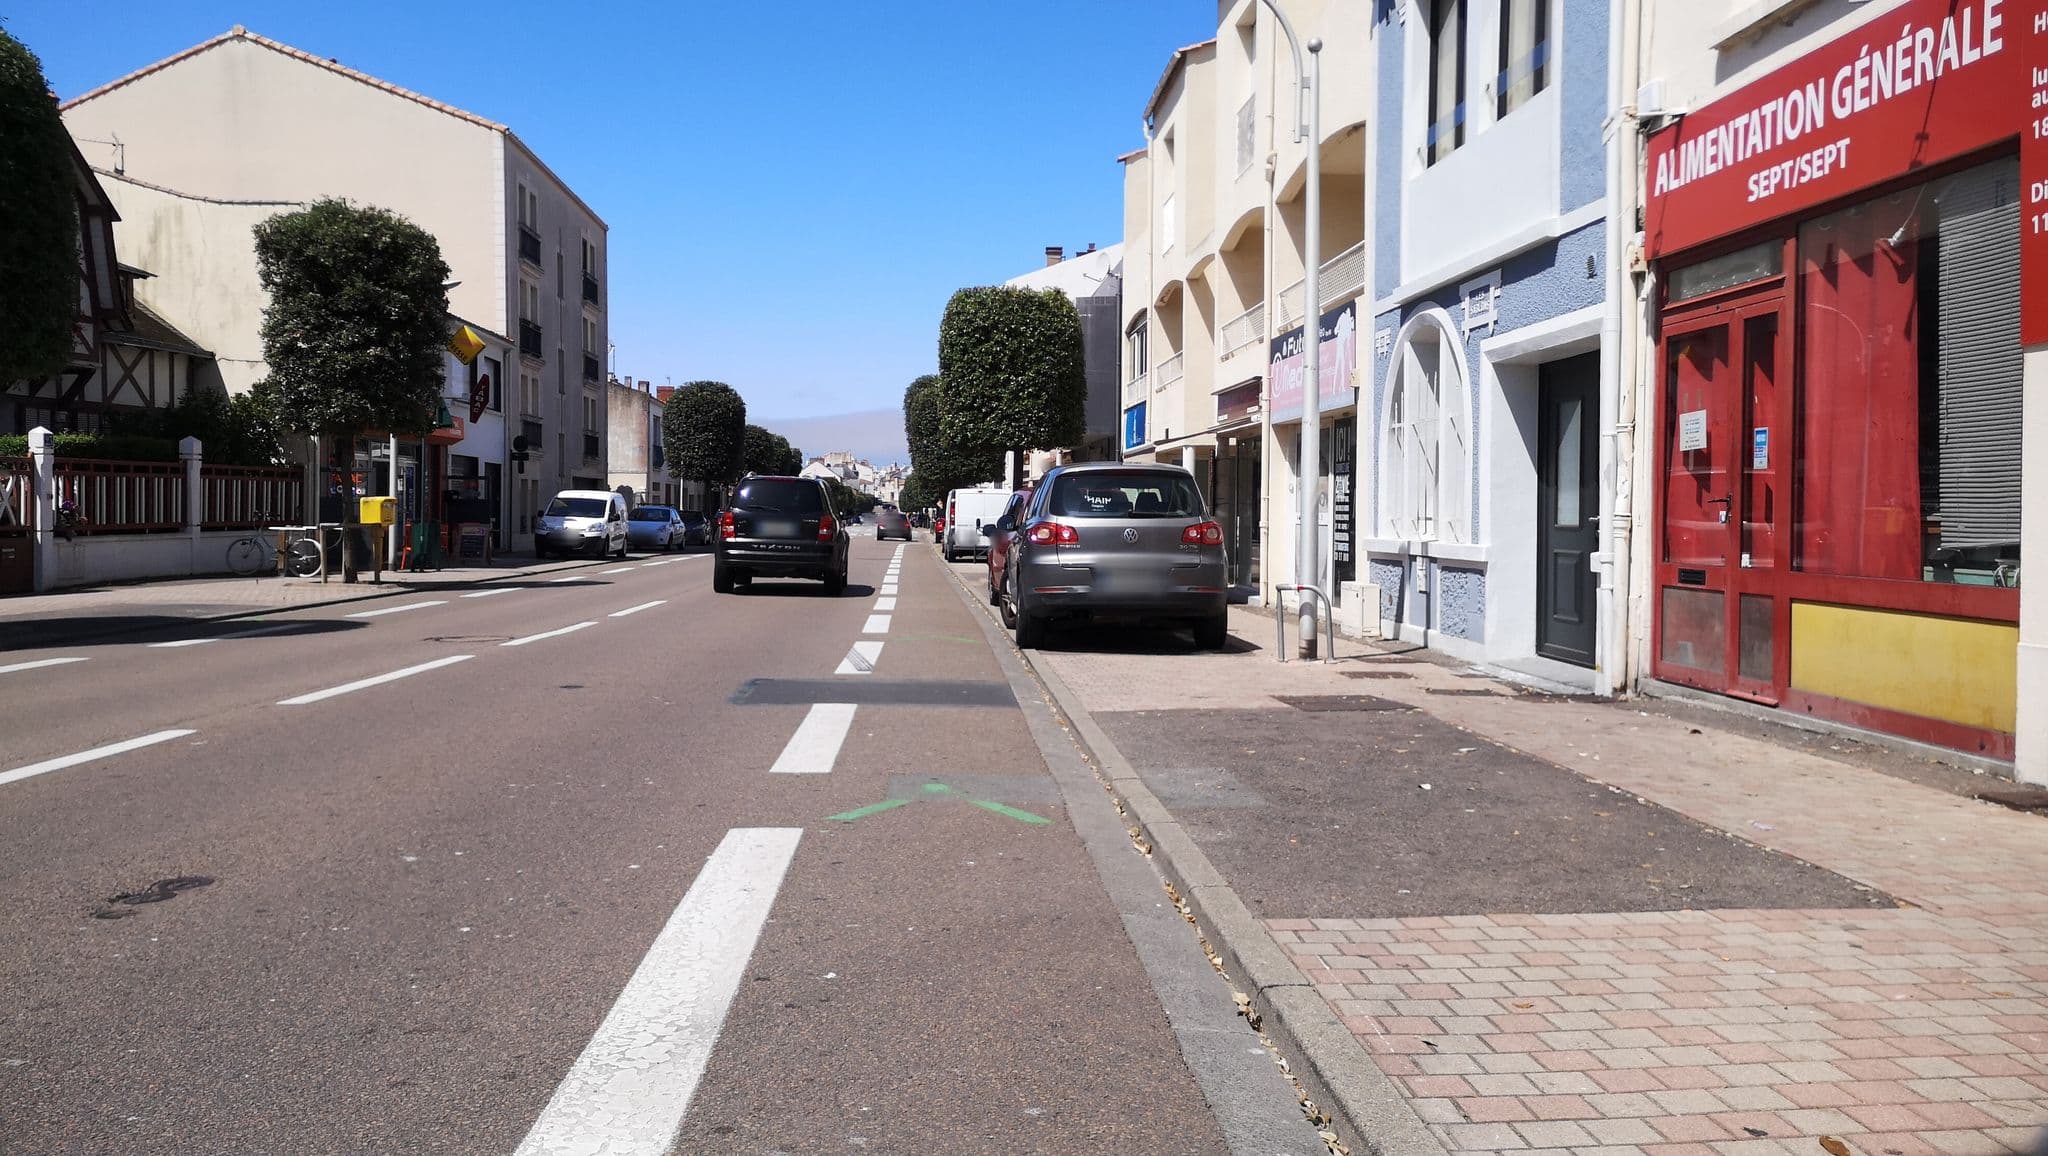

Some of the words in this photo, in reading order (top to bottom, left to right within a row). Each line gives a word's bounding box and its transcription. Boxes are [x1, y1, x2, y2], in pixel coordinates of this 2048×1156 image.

[2034, 10, 2048, 35] H
[1654, 78, 1825, 197] ALIMENTATION
[1832, 0, 2003, 120] GÉNÉRALE
[1747, 138, 1851, 202] SEPT/SEPT
===============
### [GOAL OF THE EXERCISE]
As you output the material, omit the pictures but alter nothing else.

### [WRITTEN SOLUTION]
Some of the words in this photo, in reading order (top to bottom, left to right within a row). Each line gives a word's bounding box and its transcription. Boxes are [x1, y1, x2, y2], in pixel coordinates of this 2048×1156 image.

[2034, 10, 2048, 35] H
[1654, 78, 1825, 197] ALIMENTATION
[1832, 0, 2003, 120] GÉNÉRALE
[1747, 138, 1851, 202] SEPT/SEPT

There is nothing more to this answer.